I'm trying to use the WPARAM parameter in wndproc to get keyboard inputs using the "windows" crate. I found a github repo that tries to achieve the same thing (link to the specific code here) and they've managed to cast a WPARAM to an i32. When I try to do the exact same thing, I get the error Non-primitive cast: `WPARAM` as `i32` [E0605]
. Since the repo I found is pretty old I imagine there's been changes made to the crate and I'm not really sure what I should be doing differently. Here's a snippet of my code if it helps:
extern "system" fn wnd_proc(window: HWND, message: u32, w_param: WPARAM, l_param: LPARAM)
-> LRESULT {
unsafe {
match message {
...
WM_SYSKEYDOWN => {
let vk_code: i32 = w_param as i32;
}
...
}
}
}
TL;DR: Replace w_param as i32
with w_param.0 as i32
.
The windows
crate makes liberal use of the new type idiom. This is a powerful tool leveraging the type system to guard against misinterpreting data of identical binary types. It does this by inventing wrapper types whose sole purpose is to capture and persist semantic information.
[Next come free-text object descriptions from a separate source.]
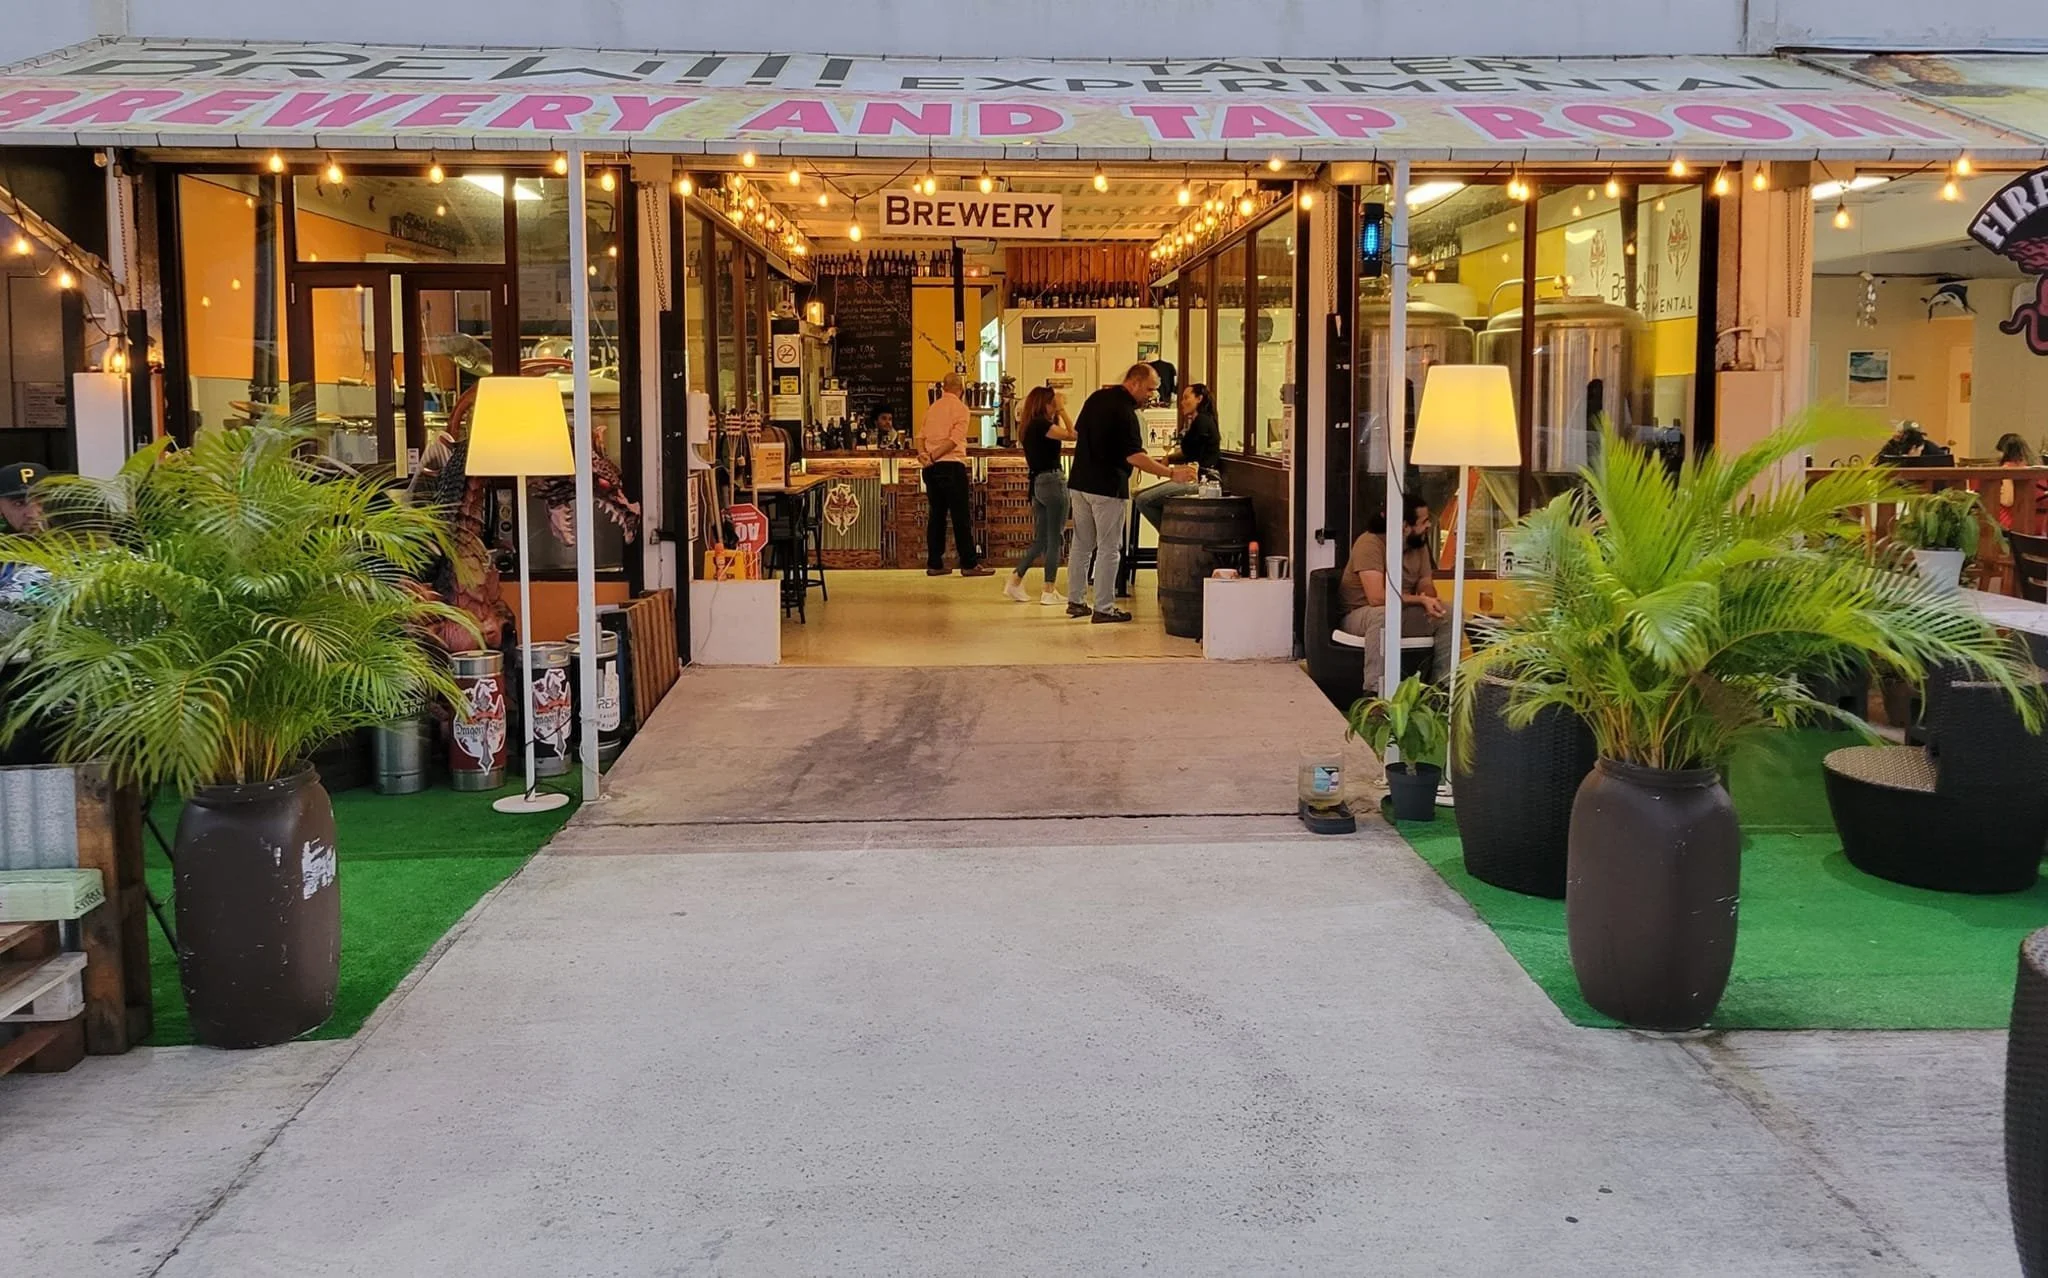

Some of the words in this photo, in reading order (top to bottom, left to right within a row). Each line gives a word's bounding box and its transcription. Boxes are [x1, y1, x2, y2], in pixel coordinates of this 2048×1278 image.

[1126, 57, 1546, 76] TALLER
[901, 74, 1833, 93] EXPERIMENTAL
[0, 89, 699, 131] BREWERY
[738, 99, 1065, 136] AND
[1129, 105, 1397, 139] TAP
[1456, 103, 1954, 141] ROOM
[20, 468, 35, 484] P
This is incredibly useful in general. It opens the opportunity to turn what would have been a run-time error into a compile-time error. For example, you cannot pass the HFONT
returned from CreateFontW
into CloseHandle
. While HFONT
s and HANDLE
s essentially are just isize
values at the binary interface, the new type wrappers prevent Rust code from confusing one for the other.
This is how the WPARAM
wrapper is defined in the windows
crate:
#[repr(transparent)]
pub struct WPARAM(pub usize);
This is a tuple struct with a single field that can be accessed by index using the .0
syntax. The effect of the #[repr(transparent)]
attribute is that the WPARAM
struct and its contained field have the same binary layout. This is crucial so that WPARAM
can appear in an FFI in place of a usize
. After all, the wnd_proc
above is called by the system (written in C and C++) that doesn't (need to) know what a tuple struct is.
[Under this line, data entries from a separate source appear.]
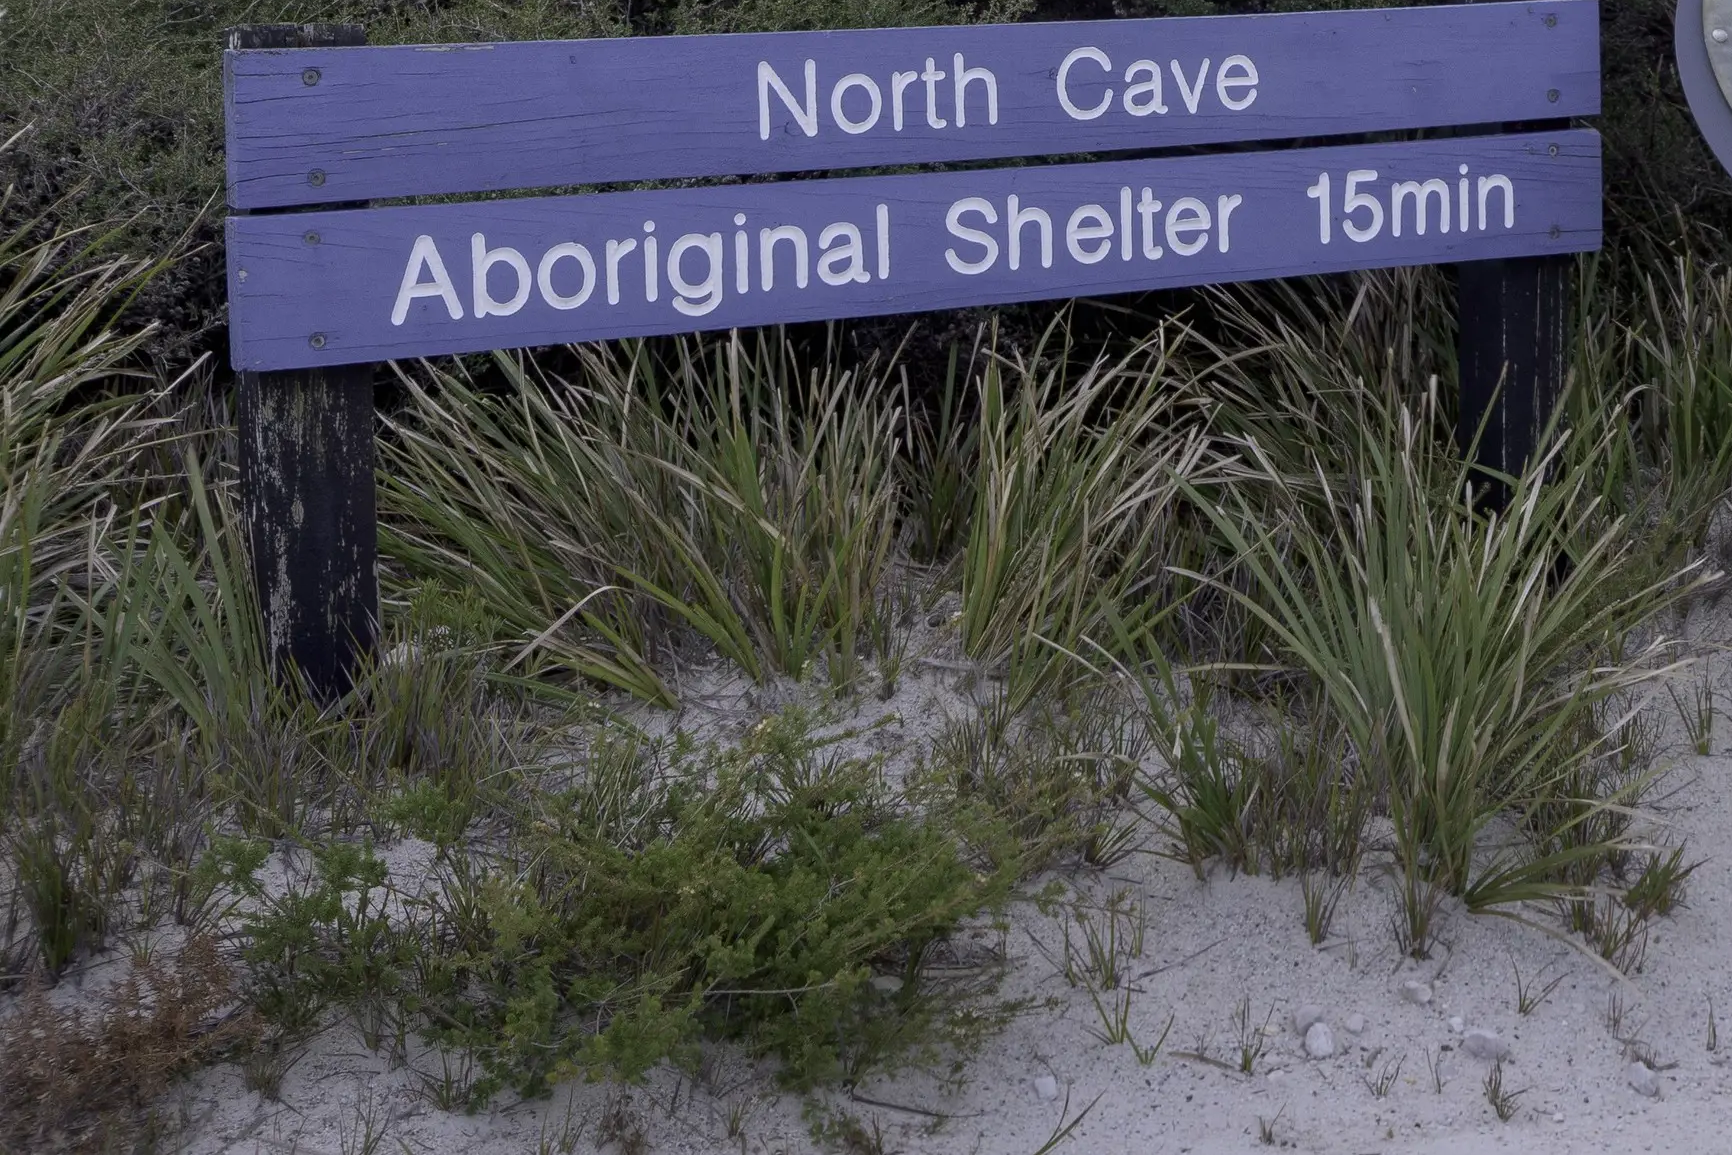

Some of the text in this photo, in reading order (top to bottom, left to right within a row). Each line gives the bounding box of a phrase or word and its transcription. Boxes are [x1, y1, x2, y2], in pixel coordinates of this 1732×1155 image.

[757, 46, 1260, 141] North Cave
[390, 163, 1516, 327] Aboriginal Shelter 15min
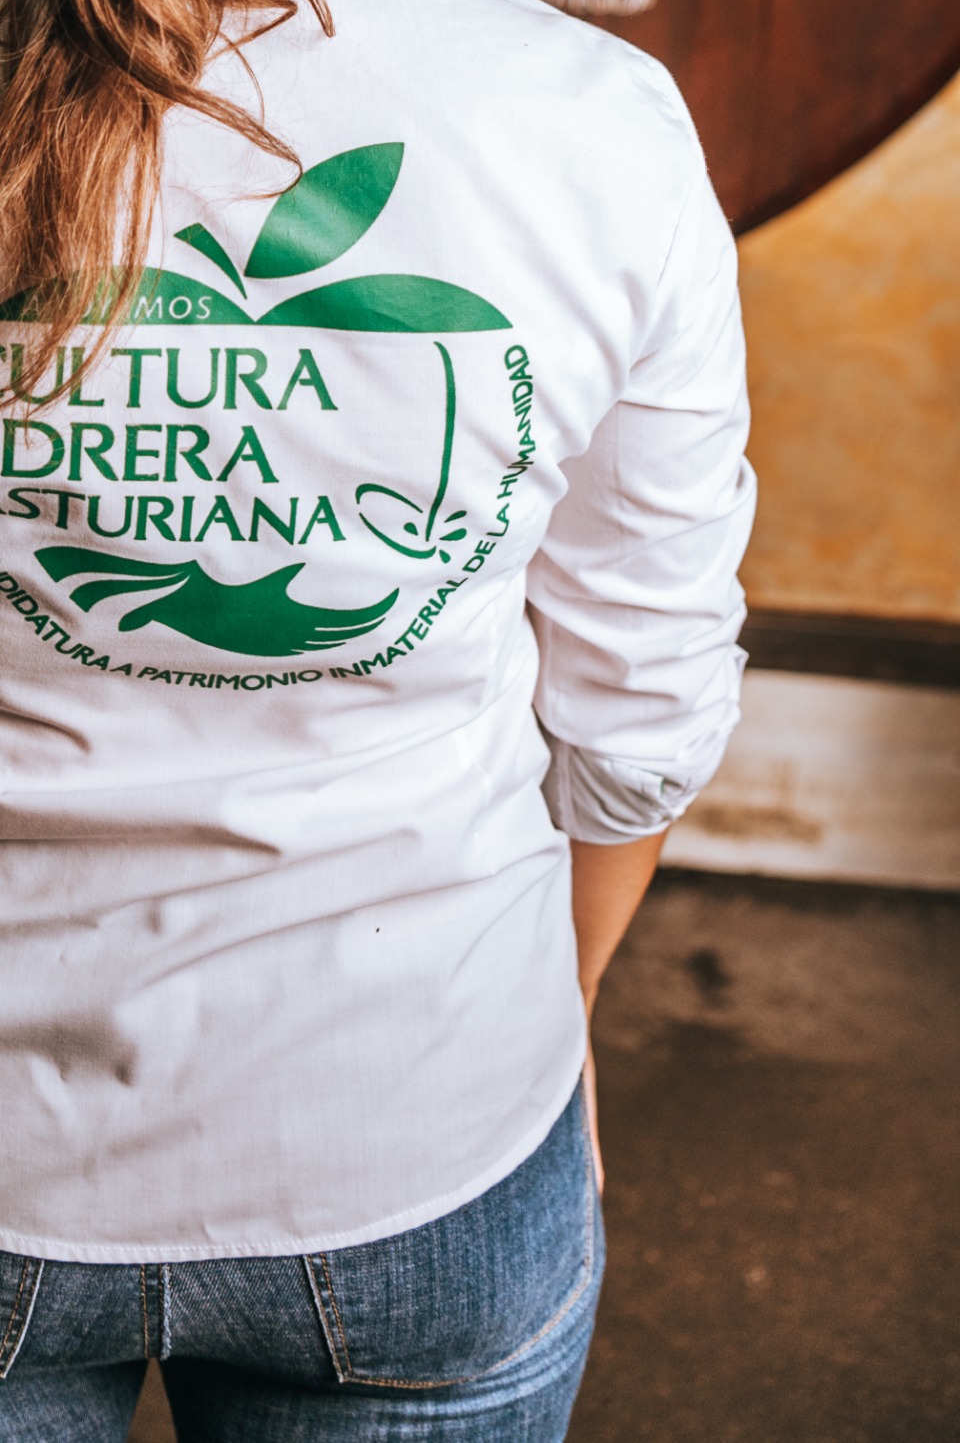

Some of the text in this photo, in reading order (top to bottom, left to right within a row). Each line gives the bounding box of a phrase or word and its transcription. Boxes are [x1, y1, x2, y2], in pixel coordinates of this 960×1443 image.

[496, 345, 536, 499] HUMANIDAD
[486, 503, 510, 537] LA
[462, 539, 497, 573] DE
[329, 577, 469, 679] INMATERIAL
[109, 663, 132, 676] A
[137, 666, 323, 691] PATRIMONIO
All due praises aside, the new type idiom doesn't provide much value here. The WPARAM
(usize
) and LPARAM
(isize
) values passed to the window procedure are essentially type-erased. Their meaning has to be recovered on a message-by-message basis, with frequent wrapping and unwrapping in between. To illustrate this, here is how a WM_SYSKEYDOWN
handler can be implemented:
WM_SYSKEYDOWN => {
// Extract raw `usize` value
let vk_code = w_param.0;
// Wrap it up in a more appropriate wrapper
let vk = VIRTUAL_KEY(vk_code as u16);
// Compare it against `VK_` constants
if vk == VK_ESCAPE {
// ...
}
}
This may seem overly verbose, but that is in part due to re-encoding the (u16
) value inside a VIRTUAL_KEY
wrapper. That can be trimmed down to a one-liner, e.g., let vk = VIRTUAL_KEY(w_param.0 as _);
, leaving us with a sanity-checked new type that cannot accidentally get confused for an arbitrary u16
value.
With this, we've come full circle: While the new type idiom doesn't provide much value to the WPARAM
wrapper, it sure does once the usize
payload has been repacked into a VIRTUAL_KEY
struct, unleashing the new type idiom's full potential again.
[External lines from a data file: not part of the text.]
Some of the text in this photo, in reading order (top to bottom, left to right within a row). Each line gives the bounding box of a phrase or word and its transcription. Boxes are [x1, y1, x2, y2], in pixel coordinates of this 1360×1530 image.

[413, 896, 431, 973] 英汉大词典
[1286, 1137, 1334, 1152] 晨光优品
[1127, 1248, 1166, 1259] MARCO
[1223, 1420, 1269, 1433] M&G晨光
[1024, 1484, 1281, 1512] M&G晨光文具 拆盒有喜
A note on why the code you've found on GitHub works without the added verbosity: It uses the winapi
crate that models ABI types as type aliases. A type alias merely introduces a new name for an existing type. WPARAM
is thus an alternative spelling for the usize
type.
This is very similar to what the windows-sys
crate does: Its WPARAM
type alias is identical to that of the winapi
crate.
Neither of these low-level binding crates makes much use of Rust's type system beyond the ABI guarantees.